Acute Respiratory Distress Syndrome

Acute respiratory distress syndrome (ARDS) is a highly lethal (>40% mortality) form of acute hypoxemic respiratory failure that may account for as many as 10% of all admissions to the intensive care unit. Nearly any type of infectious or inflammatory insult can cause ARDS, either by direct (primary) lung injury or by systemic (secondary) injury. The cornerstones of ARDS treatment are low tidal volume ventilation, positive end-expiratory pressure, conservative fluid management, and prone positioning, although different ARDS sub-phenotypes (hyperinflammatory versus hypoinflammatory) may respond differently to interventions.
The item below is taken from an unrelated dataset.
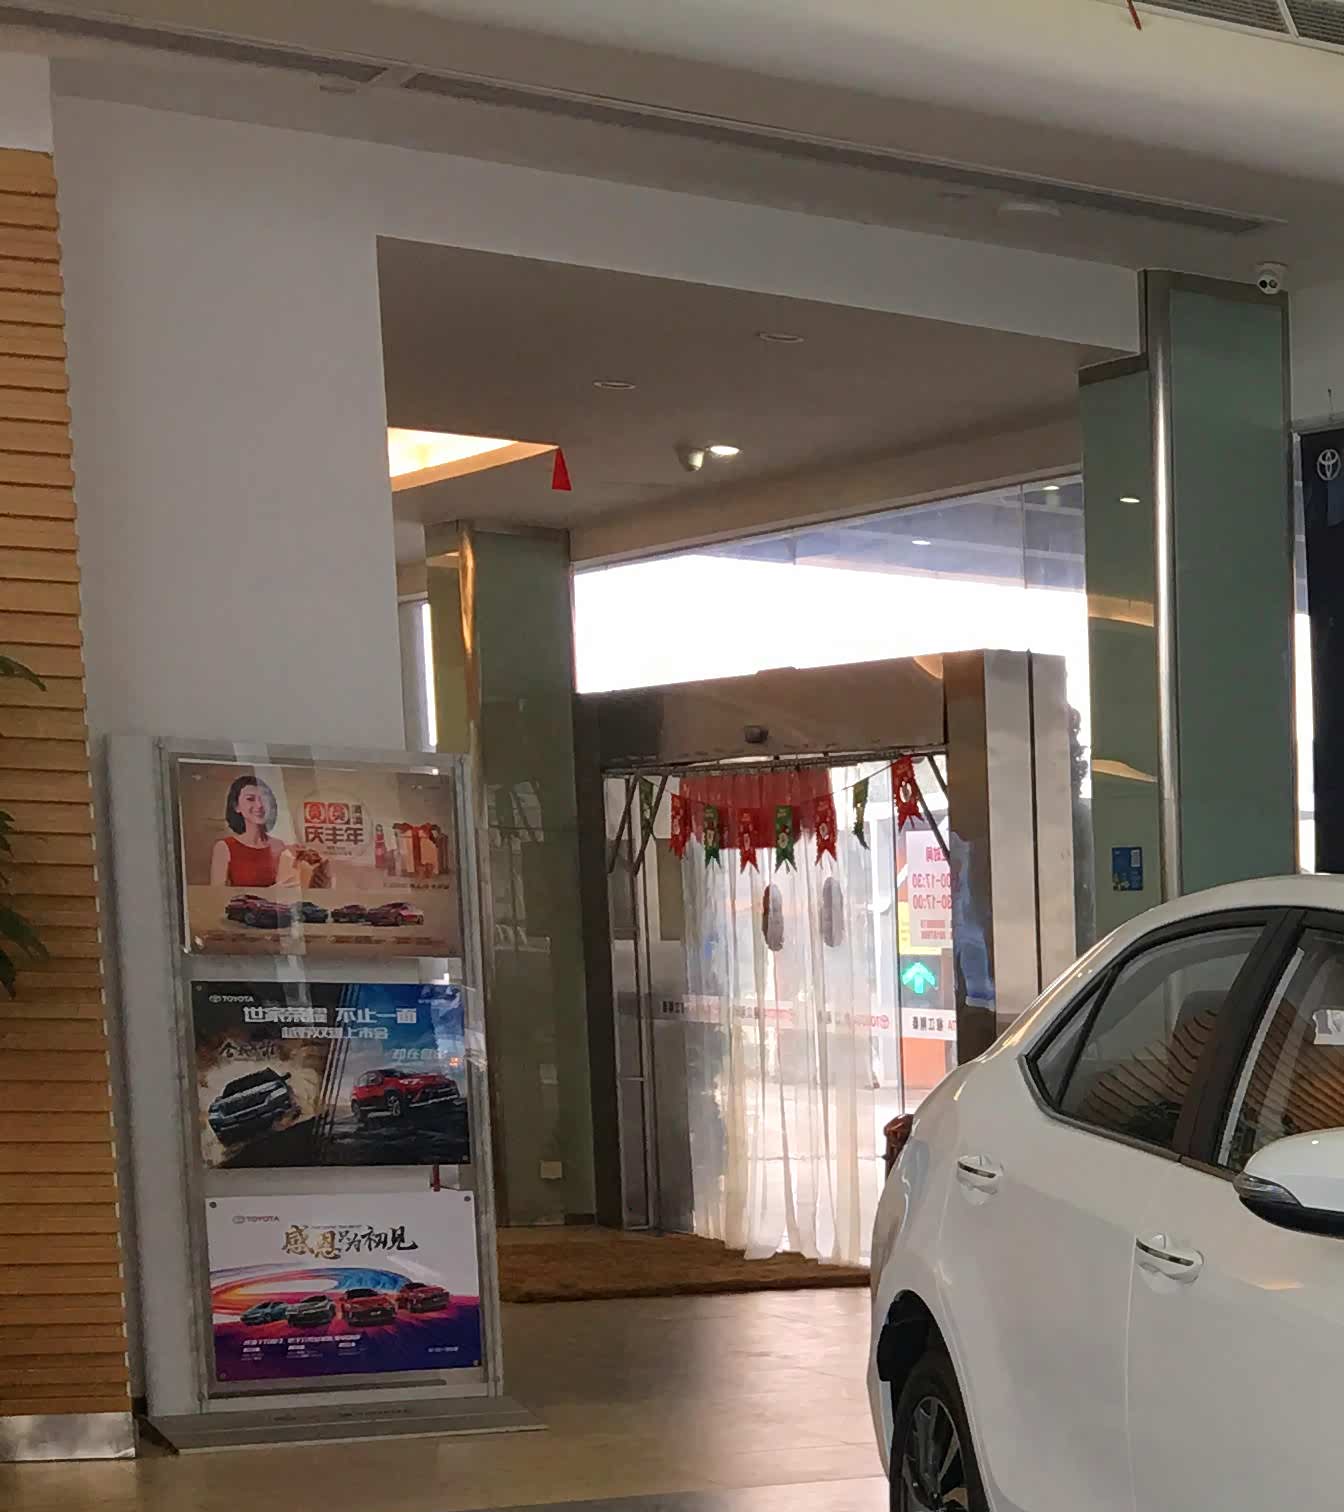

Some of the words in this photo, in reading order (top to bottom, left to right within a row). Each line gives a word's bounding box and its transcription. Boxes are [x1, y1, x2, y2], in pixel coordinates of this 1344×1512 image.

[304, 826, 364, 845] 庆丰年
[335, 1007, 417, 1024] 不止一面
[246, 1215, 280, 1223] TOYOTA
[281, 1224, 418, 1260] 感恩只为初见
Salvage therapies for refractory hypoxemia include provision of corticosteroids (e.g., dexamethasone, methylprednisolone, or hydrocortisone), neuromuscular blockade (e.g., cisatracurium), inhaled pulmonary vasodilators (e.g., inhaled nitric oxide or epoprostenol), and/or support with veno-venous extracorporeal membrane oxygenation. Extracorporeal membrane oxygenation circuits may alter the pharmacokinetics of certain medications, such as sedatives and antibiotics. Survivors of ARDS may experience long-term neuropsychiatric sequelae of their critical illness, including higher rates of anxiety, depression, and post-traumatic stress disorder. These sequelae might be mitigated by daily awakening trials to reduce sedative exposure, liberal glycemic control to avoid hypoglycemia, and early mobility to improve physical conditioning.